As I posted about yesterday, Halloween kind of started out with a bang with both kiddos melting down when I put their costumes on them.  I didn't have overly high hopes for trick-or-treating last night based on the morning's fiasco, but we decided to give it a whirl anyway.

J and I got Elliot dressed back in his Robin costume and put him in the stroller so we could walk over to daycare to pick up Andrew. We figured we could just go trick-or-treating on the way home.  When we got there Andrew was in other clothes so we needed to put him back in his pajamas costume so we could go.  When I got out the cape and asked if he wanted to put it on I was pleasantly surprised when he said "Yes!" and turned so I could put it on him.  Excellent!



We got him in the stroller and headed out in search of houses that were giving out candy. It was only 5:30 and still light out so we couldn't just base it on houses with their outside lights on. We took a roundabout route towards our house and stopped at a couple houses where the owners were sitting outside with their candy bowls.
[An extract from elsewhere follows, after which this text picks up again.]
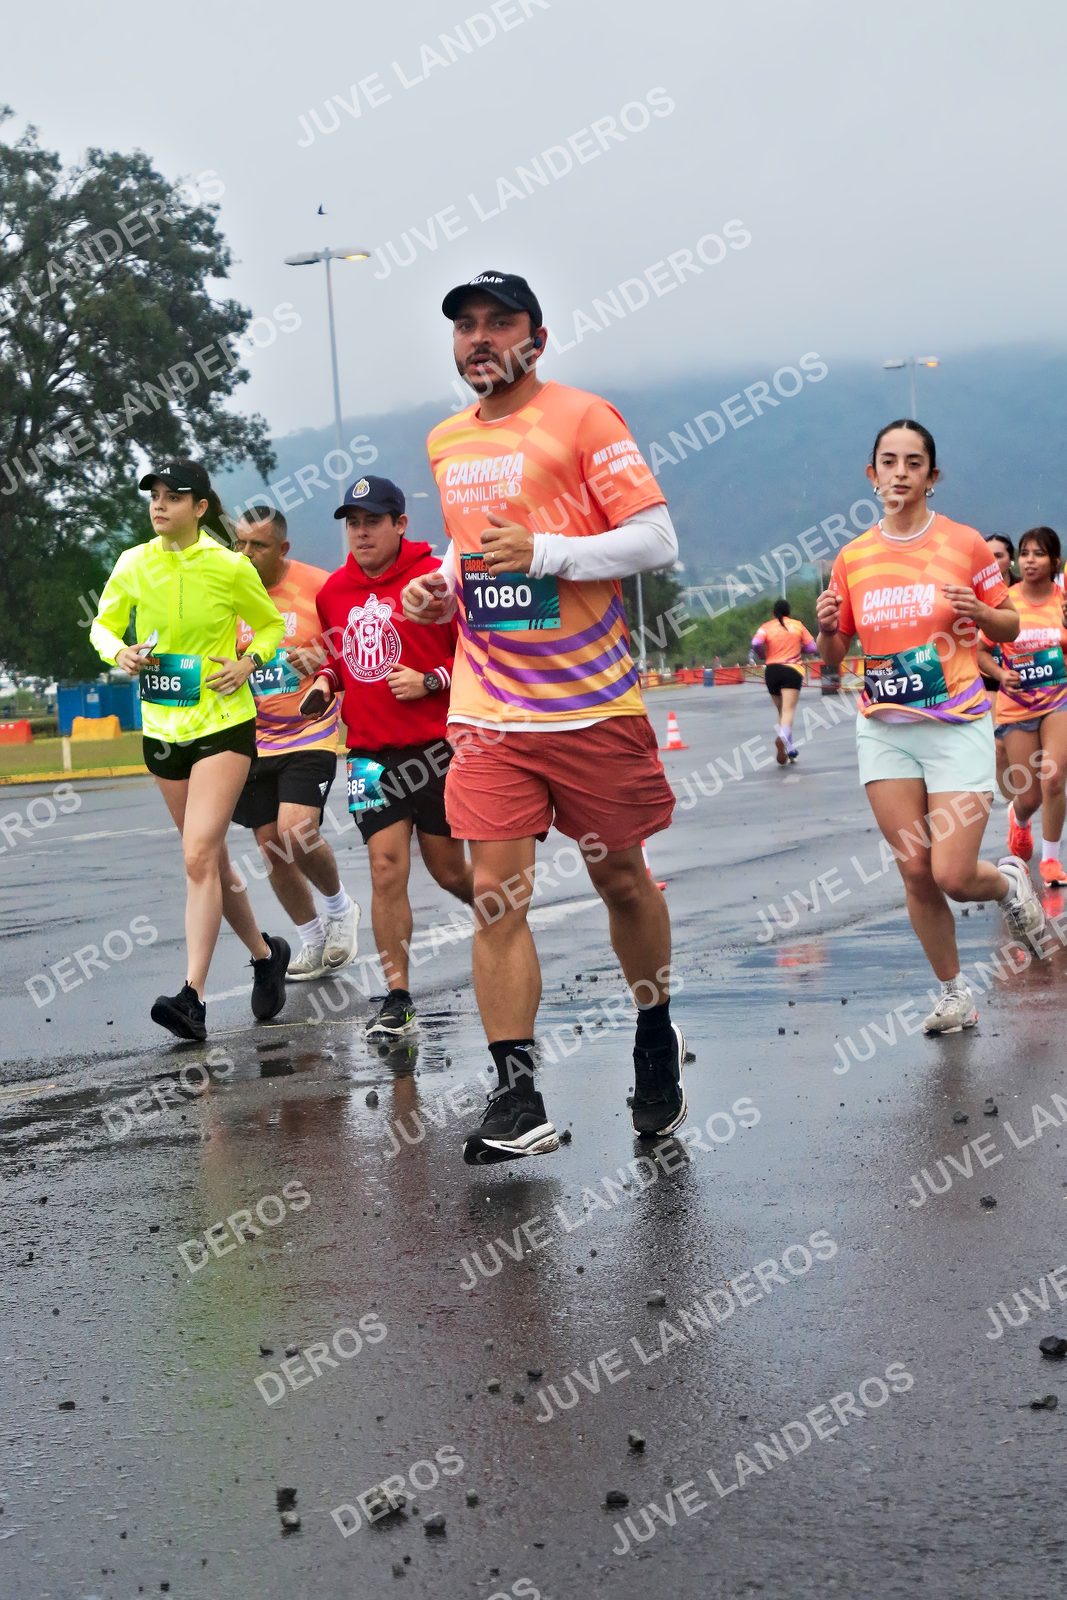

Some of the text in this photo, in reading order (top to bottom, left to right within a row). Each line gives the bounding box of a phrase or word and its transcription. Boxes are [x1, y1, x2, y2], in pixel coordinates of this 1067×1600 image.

For the first couple houses Andrew was very shy. He didn't want to walk up to the people and was hesitant to even hold out his pumpkin.  At one of those houses he got a mini tootsie pop and as soon as he did he held it up to me saying "Open for you!" (He mixes up his pronouns and says 'you' instead of 'me' all the time).  I relented and opened the lollipop for him. He sucked on it pretty much the entire rest of the time that we were out there.

Before we headed home we swung by the neighborhood next to ours because we know there are a lot of kids in that neighborhood so we figured there would be lots of people handing out candy (our own neighborhood is lame and no one bothers to come to it for trick-or-treating).  Once we got into the neighborhood we let him back out of the stroller and headed to the first house.  Pretty soon he started to get the idea and would run up to the next house with his little pumpkin.  I was trying to keep up with him and steer him in the right direction and would walk up to the doors with him.



He would never actually say "Trick or Treat!", but he's shy around people he doesn't know, so I'm not surprised.  Everyone thought he was a cute little Batman, even without his mask.



Going to that neighborhood turned out to be a great idea. Most houses had tables at the end of their driveways where the person was handing out candy. Parents were walking their kids around, many with beers or glasses of wine in their hands (the parents, not the kids).  It was a nice festive atmosphere and Andrew was really enjoying himself.



He did great about walking up to the candy givers and looking cute. If they had tables set up he would normally walk up and put his pumpkin up on the table.



If the person held out the candy bowl to him he never grabbed a handful. He would look at it carefully and then select the one thing he wanted (he apparently has an affinity for lollipops).  It was so much fun and I loved seeing how excited he was getting.




We kept going until almost 7:00 and then decided to head home. Elliot was starting to get riled up (he demands that we start the bedtime routine around 7:00 and last night was no exception).  We headed for home just in time for it to start raining. Luckily it didn't last long and Andrew didn't seem to mind.  We got home, got both kids in the bath, and got them off to bed.  Everyone was tired from the night out so we all wanted to hit the sack. So what started out as a rough morning ended up being a successful Halloween.  I hope you all had a wonderful time as well!